GOAL OF THE EXERCISE:
Each entry is to be reproduced verbatim, and images are to be omitted.

Source data:
★ ★ ★
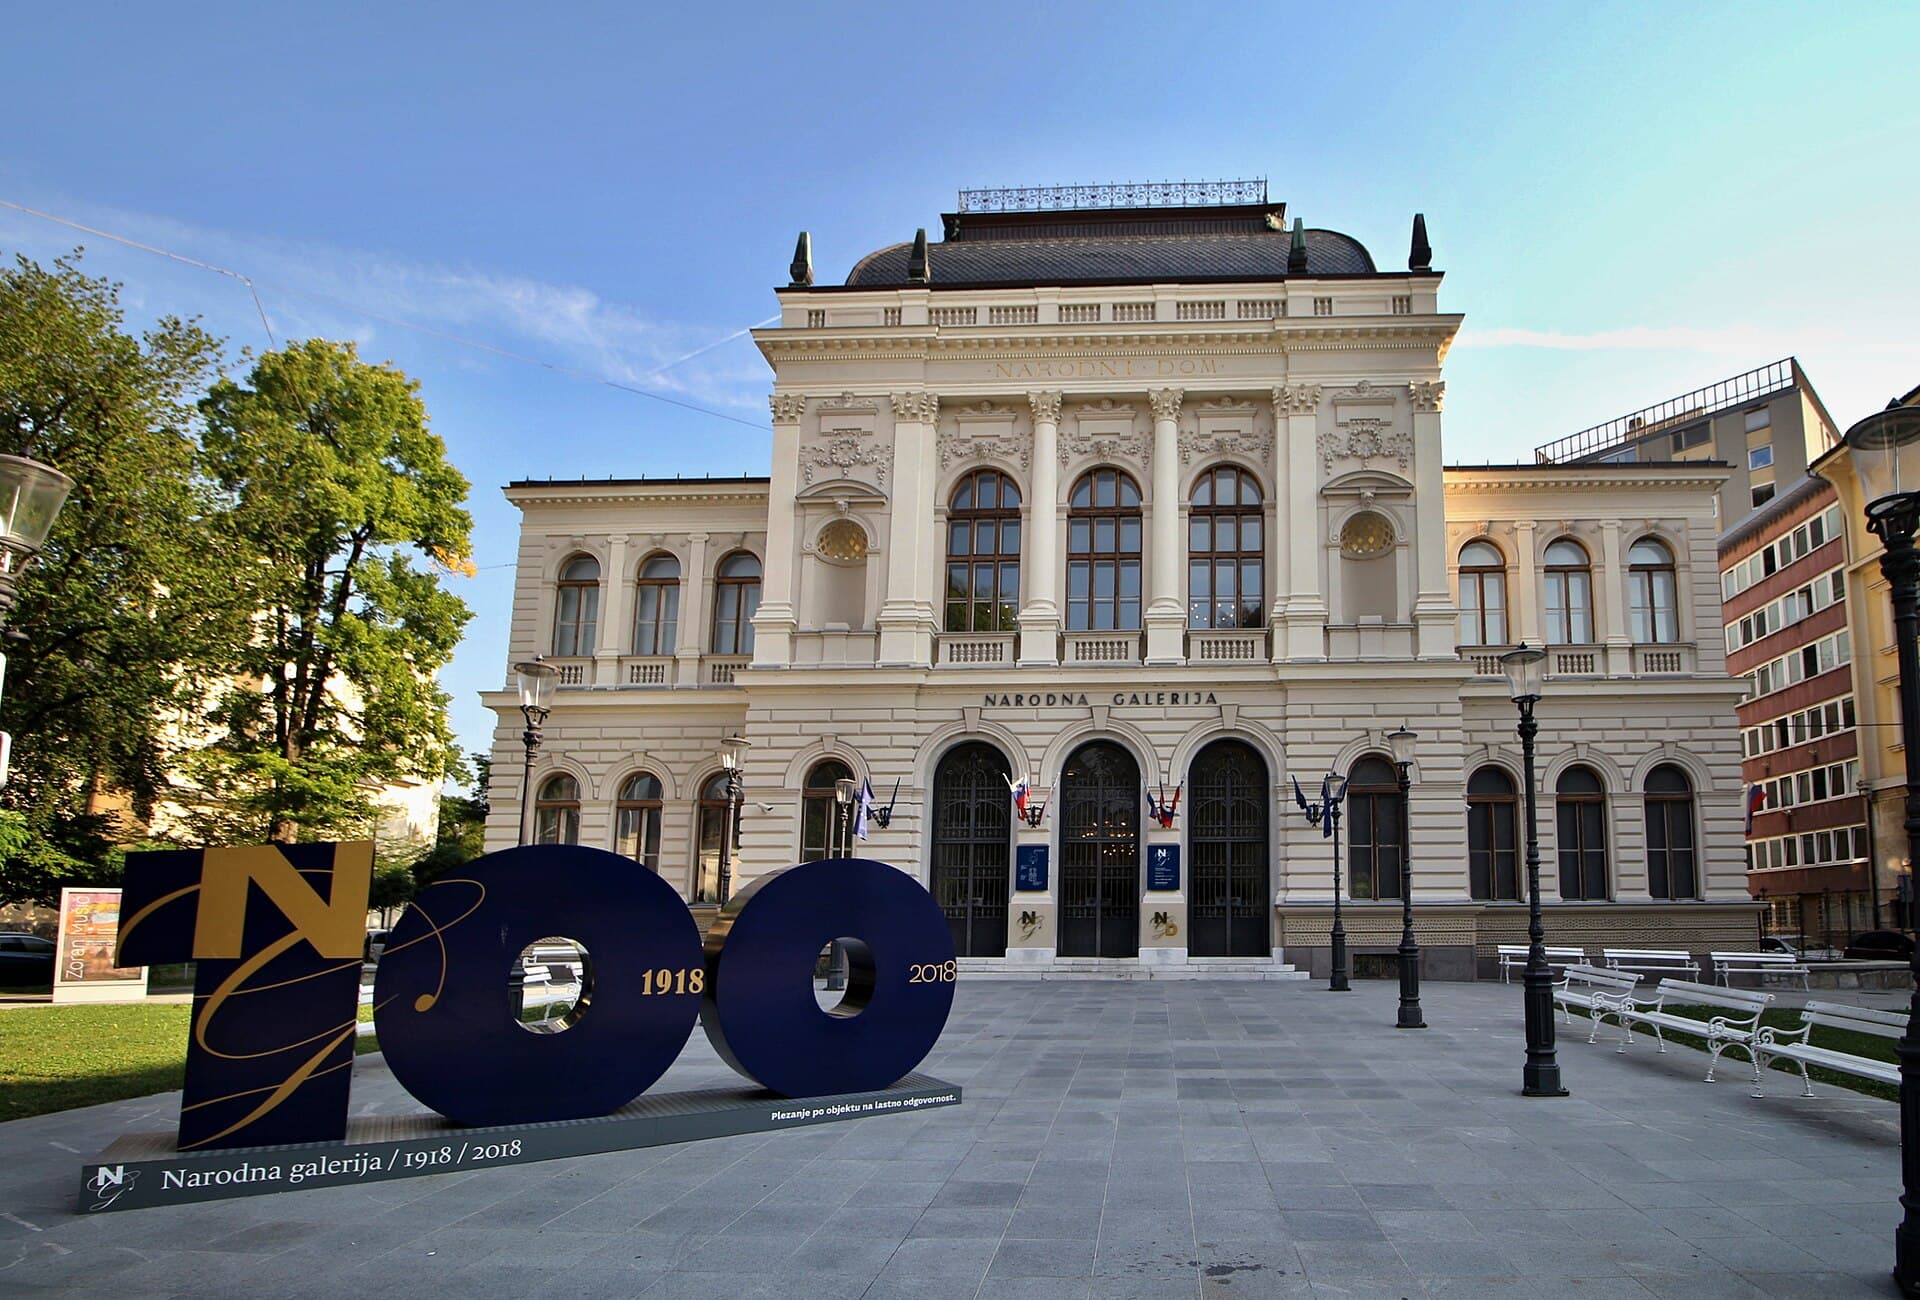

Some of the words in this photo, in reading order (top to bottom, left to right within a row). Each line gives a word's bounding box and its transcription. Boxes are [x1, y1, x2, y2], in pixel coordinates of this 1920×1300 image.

[995, 359, 1133, 378] NARODNI
[984, 693, 1090, 708] NARODNA
[1112, 692, 1218, 706] GALERIJA
[65, 939, 86, 979] Zoran
[909, 960, 957, 983] 2018
[641, 968, 705, 995] 1918
[771, 1108, 811, 1121] Plezanje
[812, 1107, 825, 1119] po
[826, 1104, 861, 1117] objektu
[862, 1103, 873, 1111] na
[874, 1100, 902, 1109] lastno
[903, 1093, 957, 1108] odgovornost.
[160, 1162, 282, 1190] Narodna
[288, 1152, 383, 1184] galerija
[403, 1146, 452, 1170] 1918
[472, 1139, 522, 1161] 2018
★ ★ ★
SOLUTION TO THE EXERCISE:
Some of the words in this photo, in reading order (top to bottom, left to right within a row). Each line gives a word's bounding box and its transcription. Boxes are [x1, y1, x2, y2], in pixel coordinates of this 1920×1300 image.

[995, 359, 1133, 378] NARODNI
[984, 693, 1090, 708] NARODNA
[1112, 692, 1218, 706] GALERIJA
[65, 939, 86, 979] Zoran
[909, 960, 957, 983] 2018
[641, 968, 705, 995] 1918
[771, 1108, 811, 1121] Plezanje
[812, 1107, 825, 1119] po
[826, 1104, 861, 1117] objektu
[862, 1103, 873, 1111] na
[874, 1100, 902, 1109] lastno
[903, 1093, 957, 1108] odgovornost.
[160, 1162, 282, 1190] Narodna
[288, 1152, 383, 1184] galerija
[403, 1146, 452, 1170] 1918
[472, 1139, 522, 1161] 2018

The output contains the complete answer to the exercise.